Friday, 4 December 2015


Spectator February 25, 1905


        History repeats itself almost every day in Hamilton. In looking over an old copy of the Spectator, we find that 51 years ago tonight, the City Council held a meeting to fix salaries of city officials for the year 1854.  As this question of salaries is now before the council and Ald. Witton is preparing a scale for the current year, it may be interesting to the present generation of Hamiltonians to know how small the emolument of city officers were half a century ago. The council was then composed of aldermen and councilors, and all but three or four have crossed the river of death. Robert McElroy was mayor, having been elected for a third term. The aldermen were Patterson, Mullin, Mitchell, Murison, Davis, Chisholm, William Edgar, Magill and Crawford; councilors, Armstrong, Copp, Nicholson, Quimby, Tuckett, Fitzpatrick, Matthews and Charlton. On motion of Councillor, Copp, seconded by Ald. Edgar, the salary list for 1854 was passed, as follows:

          Chamberlain                                                                   $1,000

          Clerk, for do                                                                              450

          City Clerk                                                                                 1,000

          Clerk, for do                                                                           300  

          Police Magistrate                                                                 1,000

          Manager for Waterworks                                                         1,000     

          Clerk for Waterworks                                                               300

          Collector for Waterworks                                                         200

          High Bailiff, with house, fuel, etc.                                                         400

          Chief of police, with house, fuel, etc.                                        500

          Deputy chief, with free house                                                   350

          Six policemen, each $200                                                    $1,200

          Machinist                                                                                   100

          Inspector of Weights and Measures                                            50

          License Inspector                                                                       400

          City Messenger                                                                          250

          Hospital Physician                                                                        400

          Hospital Superintendent                                                             250               

          Hospital Matron                                                                            90       

          House of Refuge Superintendent                                               200

          Foreman Waterworks                                                                 400

          Engineer Waterworks                                                                 250

          Fireman Waterworks                                                                  250

          Keeper of Reservoir                                                                    200

          Keeper  of Filtering Basin                                                            200

          Keeper of Prisoners at jail                                                           250

          It was very evident that the council of 1854 was living up to the precepts of an old-time Methodist congregation that did not believe in making their pastor purse-proud by giving him too much salary, so the official board fervently prayed that the Lord would keep him humble and the congregation would keep him poor. Probably one reason may be given for the small amounts voted to some of the officials was that at the time the city exchequer was in a very low condition, and the creditors of the city were clamoring for their money. At that time, there was what was known as the Municipal Loan Fund, from which municipalities in financial difficulties could borrow money from the government to help them pull through. Sir Issac Buchanan, who then represented Hamilton in the provincial parliament, made application, on behalf of the city, for a loan from this fund, and he was told by Sandfield McDonald that there was no such fund; yet, George Brown, editor of the Globe, secured a gift of $13,000, to help pay the cost of building the Toronto jail. The Globe was always hostile to Hamilton.
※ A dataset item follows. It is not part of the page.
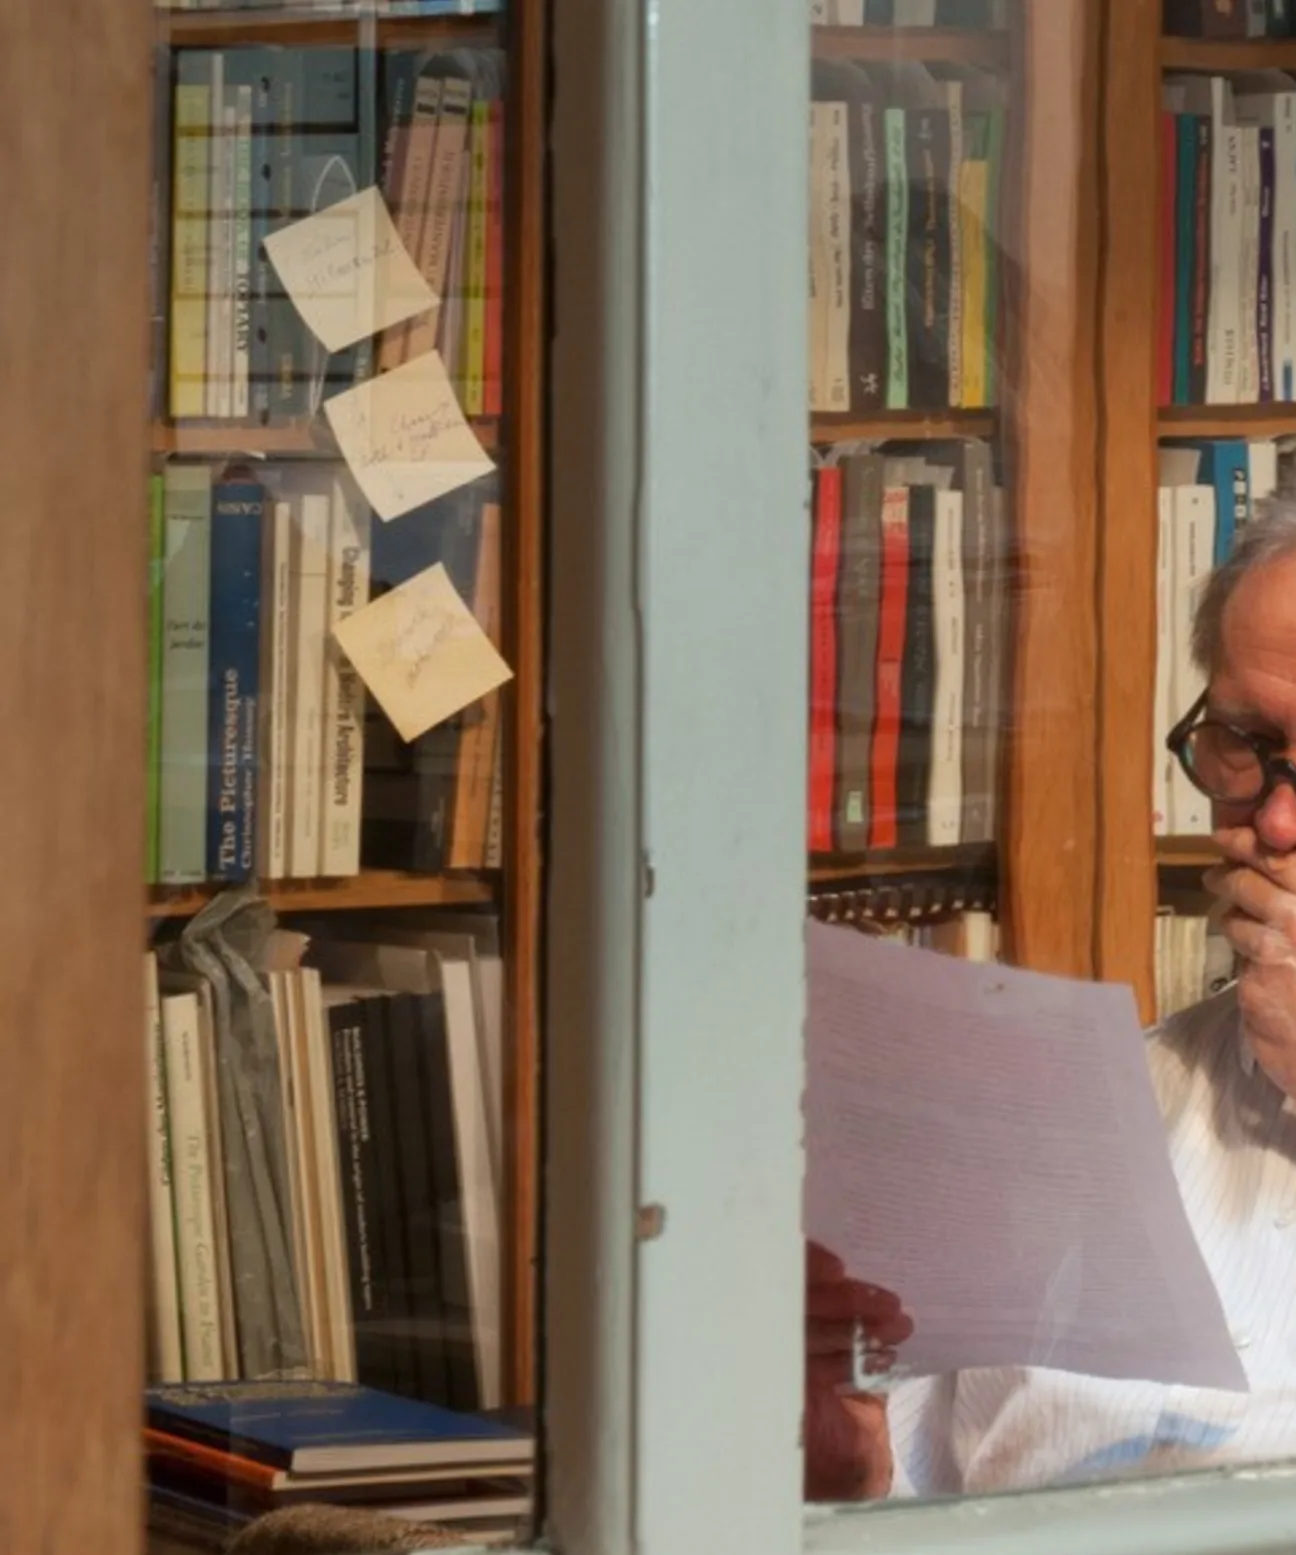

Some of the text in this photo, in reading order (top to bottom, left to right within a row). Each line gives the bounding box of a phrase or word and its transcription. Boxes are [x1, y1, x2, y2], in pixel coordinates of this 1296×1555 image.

          A story is told by one of the largest grain buyers in Hamilton, which happened early in the 50s. He prided himself on his smartness, and when he got the worst of it in a grain transaction, the other buyers made considerable sport of him. The grain buyer got stuck on 200 bushels of barley by a cute farmer, who had one bag of splendid grain, which he showed as a sample, but when the buyer examined the lot after it was dumped in the warehouse bins he discovered that he had been duped by the farmer. However, he determined to quietly pocket his loss and sold the damaged barley in one of the city brewing establishments at a low figure. When the brewer examined the barley, after it had been delivered at the brewery, he concluded he could do better with it by converting it into malt, and he had it dried and fixed up for market. The brewer hired a farmer to haul the barley to the Gore, which was then the grain market, and as barley was scarce in the market and there was a good demand for it, there was brisk competition among the buyers. The buyer who sold it to the brewer bid the highest, and he got back his own barley at 34 cents a bushel, twice the sum for which he had sold it to the brewer. The joke was too good to keep and the brewer and the other buyers had the laugh on John. For years afterward John would get swearing mad at anyone who would ask him, “how is barley?”